» **Items from a data source**:
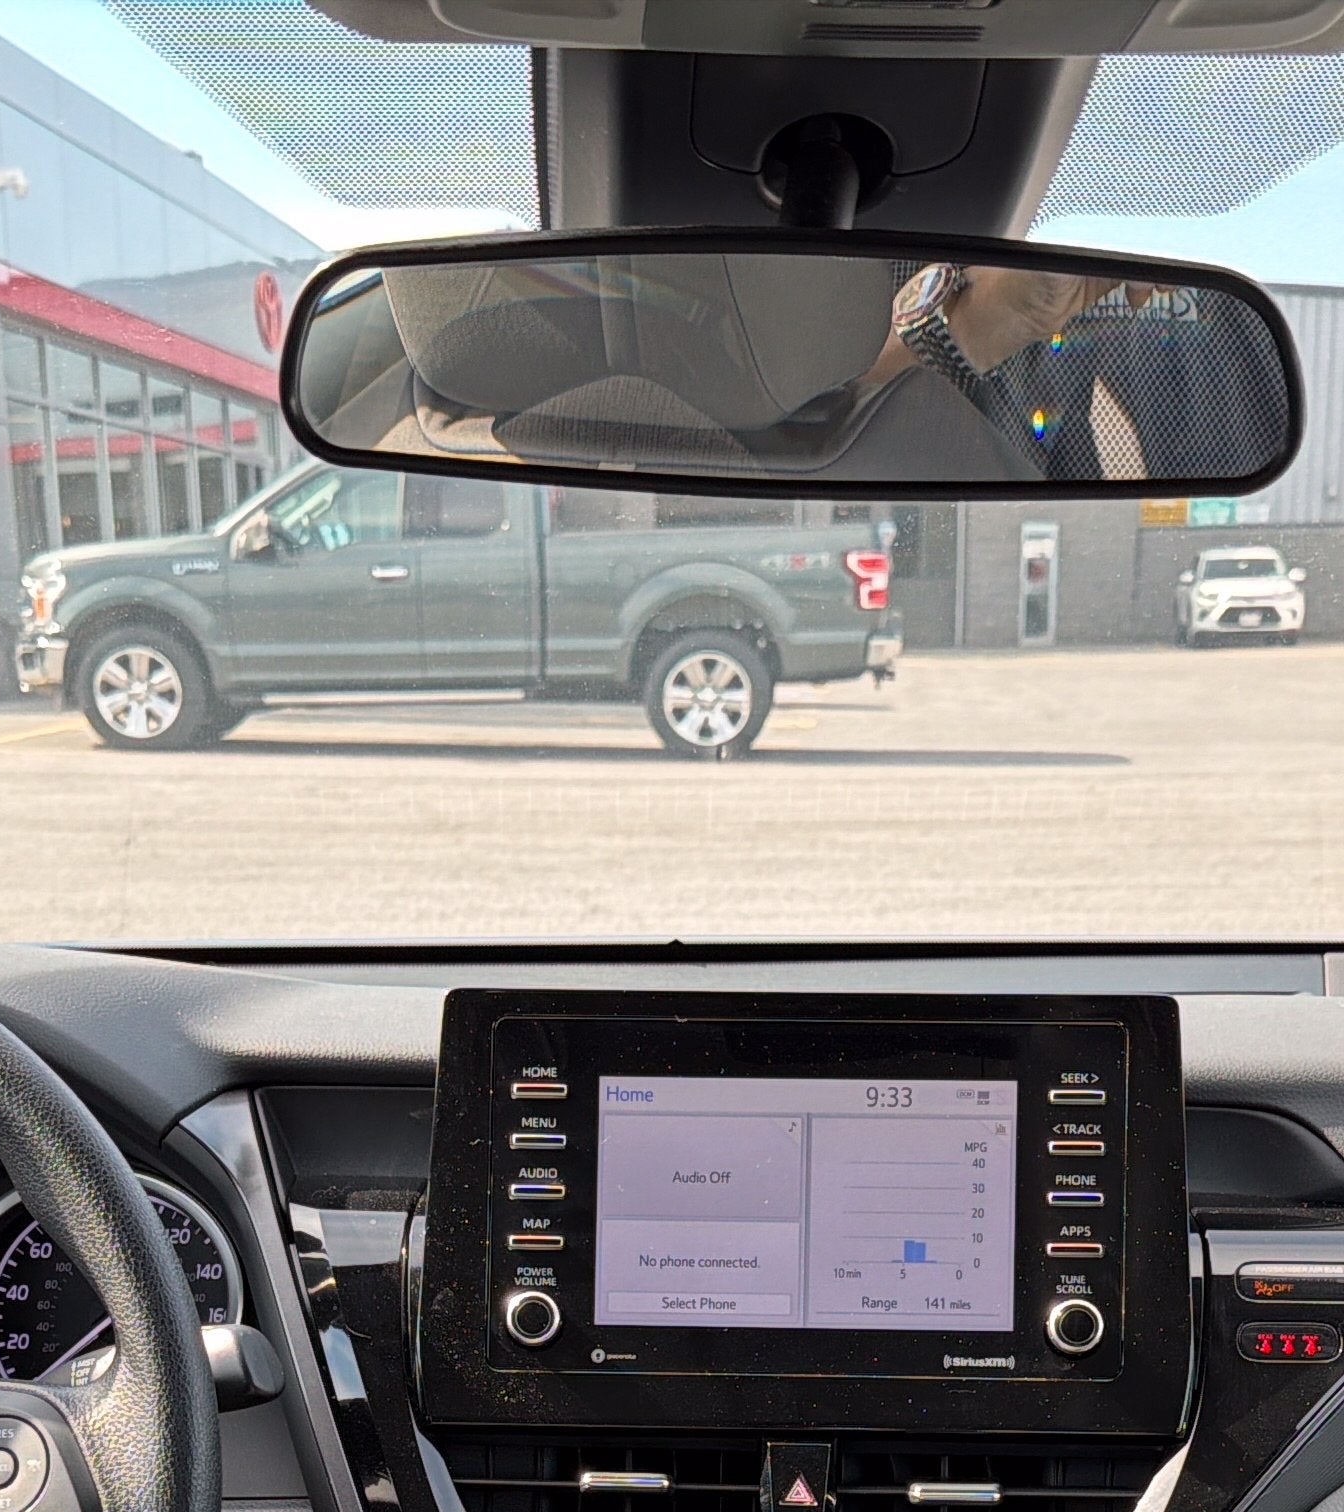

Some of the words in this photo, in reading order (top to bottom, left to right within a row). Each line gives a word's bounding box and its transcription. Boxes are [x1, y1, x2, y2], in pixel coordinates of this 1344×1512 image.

[522, 1067, 558, 1078] HOME
[606, 1086, 654, 1102] Home
[866, 1087, 913, 1108] 9:33
[521, 1117, 557, 1128] MENU
[1063, 1124, 1102, 1135] TRACK
[964, 1142, 988, 1153] MPG
[972, 1158, 986, 1169] 40
[518, 1168, 558, 1179] AUDIO
[672, 1172, 707, 1184] Audio
[709, 1171, 732, 1184] Off
[1056, 1175, 1097, 1186] PHONE
[972, 1183, 985, 1194] 30
[972, 1208, 985, 1219] 20
[522, 1218, 551, 1229] MAP
[1060, 1226, 1091, 1237] APPS
[972, 1233, 984, 1244] 10
[29, 1242, 53, 1258] 60
[639, 1255, 657, 1268] No
[659, 1255, 696, 1270] phone
[698, 1256, 761, 1269] connected.
[974, 1258, 981, 1269] 0
[196, 1263, 223, 1280] 140
[517, 1267, 553, 1277] POWER
[834, 1268, 846, 1279] 10
[847, 1268, 862, 1279] min
[900, 1269, 907, 1280] 5
[956, 1270, 963, 1280] 0
[44, 1280, 59, 1289] 80
[514, 1277, 557, 1287] VOLUME
[1061, 1275, 1086, 1284] TUNE
[6, 1284, 29, 1300] 40
[1056, 1284, 1092, 1294] SCROLL
[37, 1301, 50, 1310] 60
[662, 1297, 697, 1310] Select
[700, 1297, 737, 1310] Phone
[862, 1297, 898, 1311] Range
[925, 1298, 946, 1310] 141
[949, 1299, 971, 1310] miles
[36, 1322, 50, 1331] 40
[7, 1333, 30, 1349] 20
[42, 1343, 55, 1352] 20
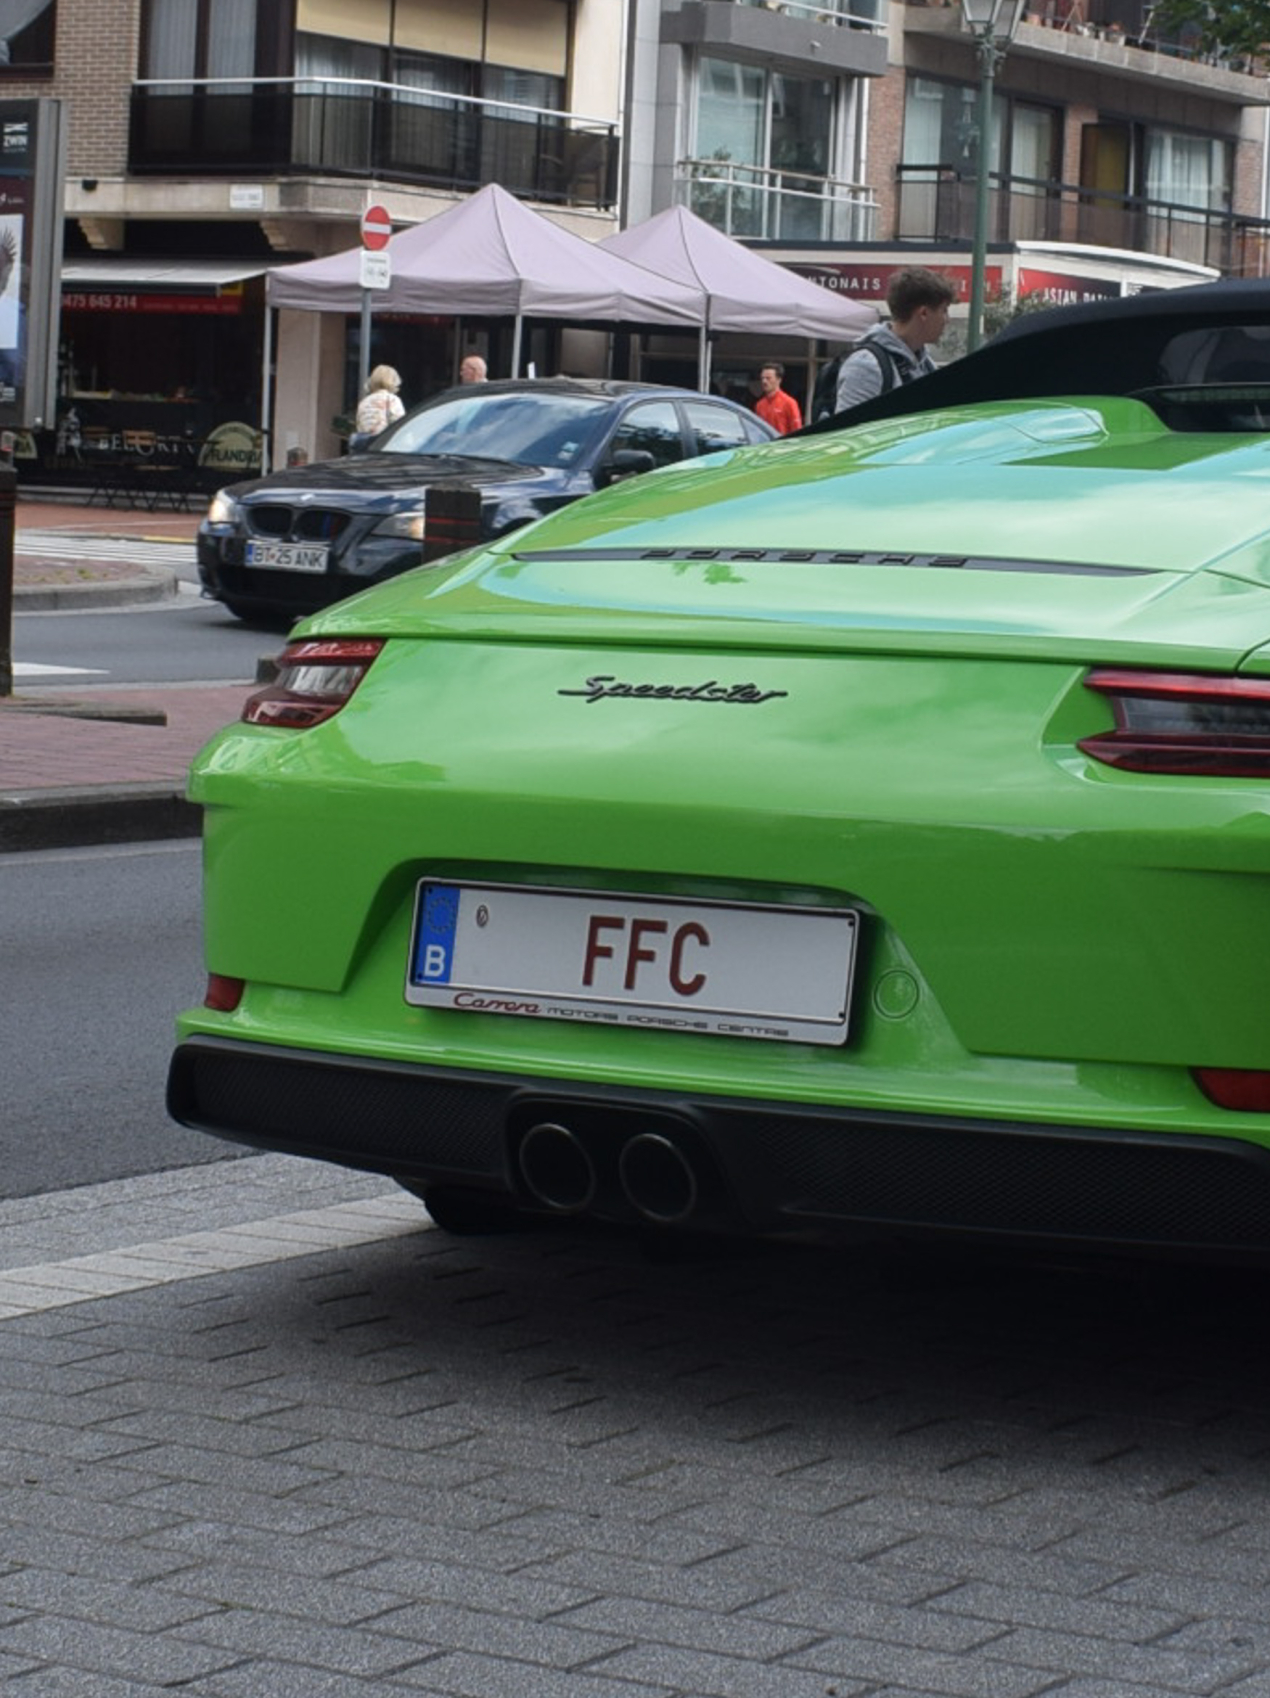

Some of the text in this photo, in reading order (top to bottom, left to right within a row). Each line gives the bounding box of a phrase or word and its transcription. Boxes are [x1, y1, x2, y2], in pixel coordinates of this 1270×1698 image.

[114, 295, 137, 309] 214
[640, 548, 969, 567] PORSCHE
[557, 675, 789, 704] Speedster
[424, 944, 446, 977] B
[582, 914, 711, 996] FFC
[453, 992, 541, 1014] Carrera
[627, 1014, 708, 1030] PORSCHE

» **Work item**: The entries above should be given again exactly, minus any pictures.

» **Exercise output**:
Some of the words in this photo, in reading order (top to bottom, left to right within a row). Each line gives a word's bounding box and its transcription. Boxes are [x1, y1, x2, y2], in pixel coordinates of this 1344×1512 image.

[522, 1067, 558, 1078] HOME
[606, 1086, 654, 1102] Home
[866, 1087, 913, 1108] 9:33
[521, 1117, 557, 1128] MENU
[1063, 1124, 1102, 1135] TRACK
[964, 1142, 988, 1153] MPG
[972, 1158, 986, 1169] 40
[518, 1168, 558, 1179] AUDIO
[672, 1172, 707, 1184] Audio
[709, 1171, 732, 1184] Off
[1056, 1175, 1097, 1186] PHONE
[972, 1183, 985, 1194] 30
[972, 1208, 985, 1219] 20
[522, 1218, 551, 1229] MAP
[1060, 1226, 1091, 1237] APPS
[972, 1233, 984, 1244] 10
[29, 1242, 53, 1258] 60
[639, 1255, 657, 1268] No
[659, 1255, 696, 1270] phone
[698, 1256, 761, 1269] connected.
[974, 1258, 981, 1269] 0
[196, 1263, 223, 1280] 140
[517, 1267, 553, 1277] POWER
[834, 1268, 846, 1279] 10
[847, 1268, 862, 1279] min
[900, 1269, 907, 1280] 5
[956, 1270, 963, 1280] 0
[44, 1280, 59, 1289] 80
[514, 1277, 557, 1287] VOLUME
[1061, 1275, 1086, 1284] TUNE
[6, 1284, 29, 1300] 40
[1056, 1284, 1092, 1294] SCROLL
[37, 1301, 50, 1310] 60
[662, 1297, 697, 1310] Select
[700, 1297, 737, 1310] Phone
[862, 1297, 898, 1311] Range
[925, 1298, 946, 1310] 141
[949, 1299, 971, 1310] miles
[36, 1322, 50, 1331] 40
[7, 1333, 30, 1349] 20
[42, 1343, 55, 1352] 20

Some of the text in this photo, in reading order (top to bottom, left to right within a row). Each line gives the bounding box of a phrase or word and its transcription. Boxes are [x1, y1, x2, y2], in pixel coordinates of this 1270×1698 image.

[114, 295, 137, 309] 214
[640, 548, 969, 567] PORSCHE
[557, 675, 789, 704] Speedster
[424, 944, 446, 977] B
[582, 914, 711, 996] FFC
[453, 992, 541, 1014] Carrera
[627, 1014, 708, 1030] PORSCHE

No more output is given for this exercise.